Pero la Inglaterra del siglo XX era un lugar especial; “el taller del mundo”. Londres se había vuelto la capital del capital, con inversiones privadas en agricultura y florecimiento manufacturero alcanzando una escala record durante la segunda mitad del siglo. El año en que la Reina Victoria ascendió al trono, 1837, vio menos de 300 solicitudes de patente para nuevos inventos, pero para el fin de siglo ese número excedía las 25,000 solicitudes anuales. El ingreso per cápita en las vísperas de la Primera Guerra Mundial era tres veces mayor de lo que había sido cien años antes; la expectativa de vida creció un 25% durante ese periodo. Si bien había más bocas que alimentar y cuerpos que vestir, el emprendimiento británico estaba alimentándolos y vistiéndolos mejor de lo que el mundo jamás había experimentado antes. Fue el mayor florecimiento de resolución de problemas, creatividad, ingenio e innovación que se haya visto en la historia.
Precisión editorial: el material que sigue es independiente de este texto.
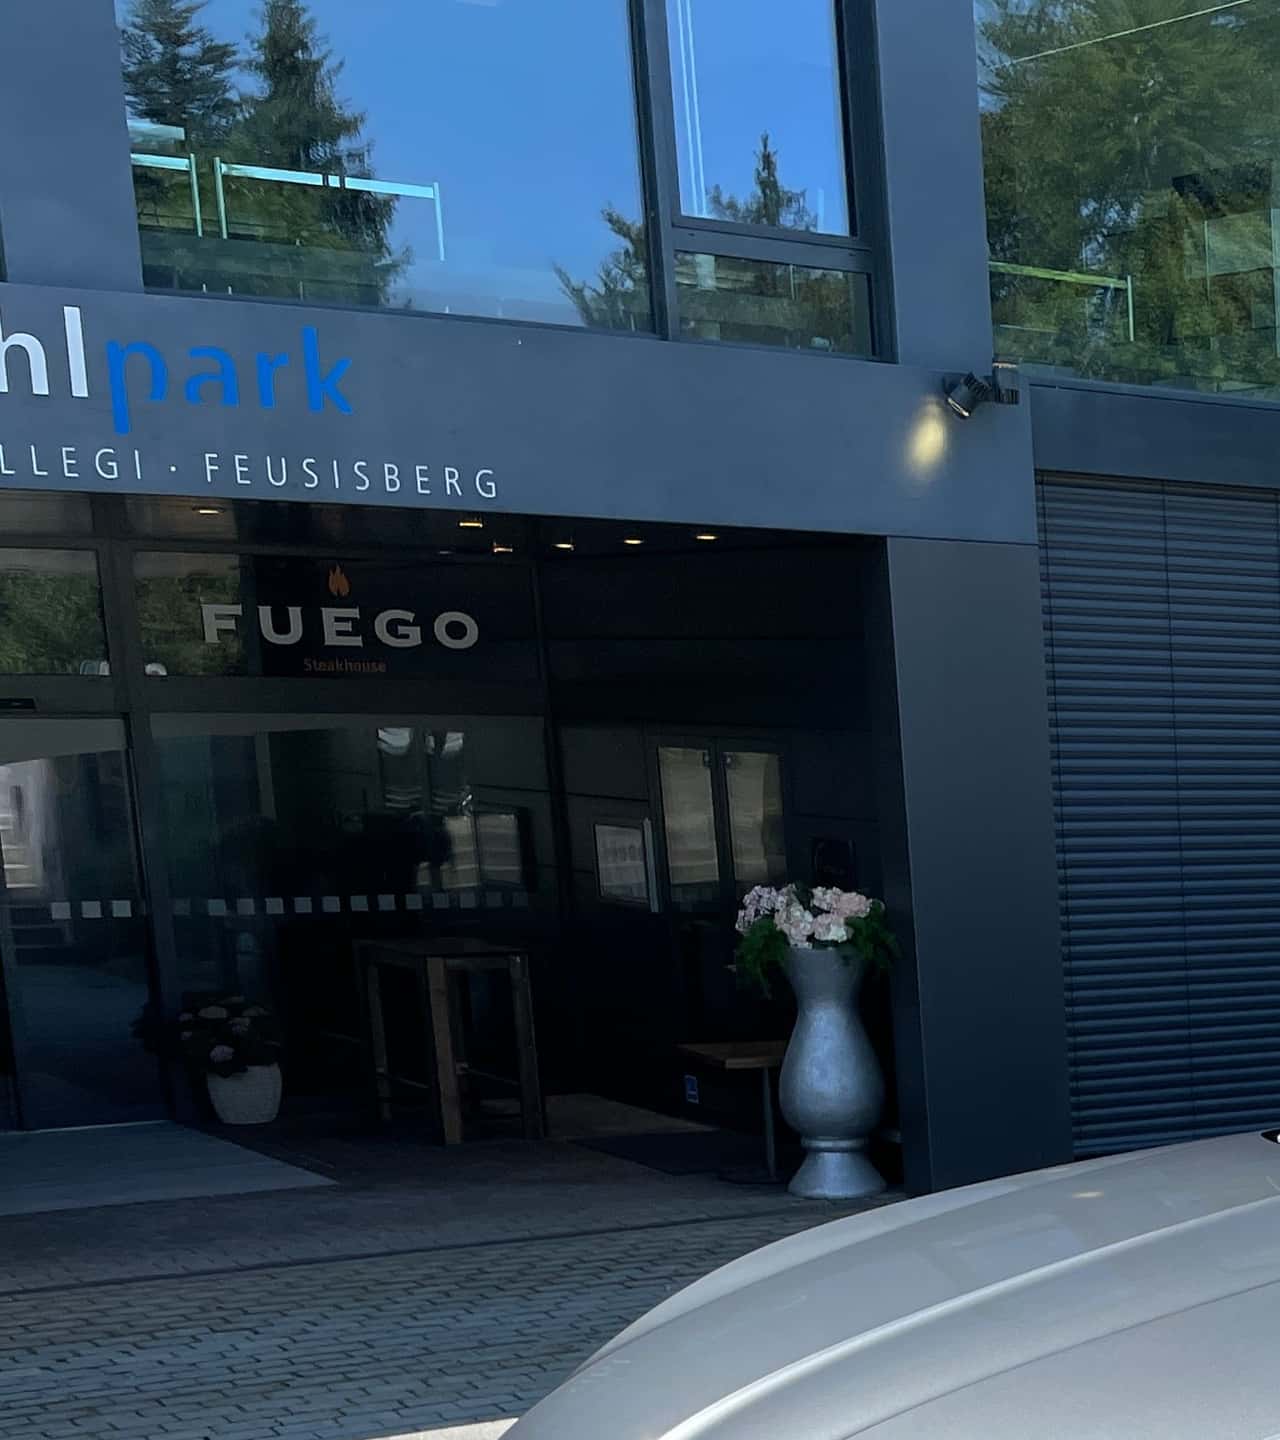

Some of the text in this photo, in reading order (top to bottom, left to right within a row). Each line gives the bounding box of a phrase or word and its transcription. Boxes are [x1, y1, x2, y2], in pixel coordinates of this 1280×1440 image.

Colin Pullinger, hijo de un carpintero en Selsea, es una muestra clara del emprendedor inglés del siglo XIX. Pullinger diseñó una “trampa perpetua para ratones”, que podía atrapar de forma humanitaria a una docena de ratones en una noche, y logró vender 2 millones de estas. Tal vez Ralph W. Emerson pensaba en él cuando escribió, “si un hombre escribe un mejor libro, declama un mejor sermón o hace una mejor trampa de ratones que su vecino, aunque construya su casa en el bosque, el mundo hará un recurrido camino hasta su puerta.”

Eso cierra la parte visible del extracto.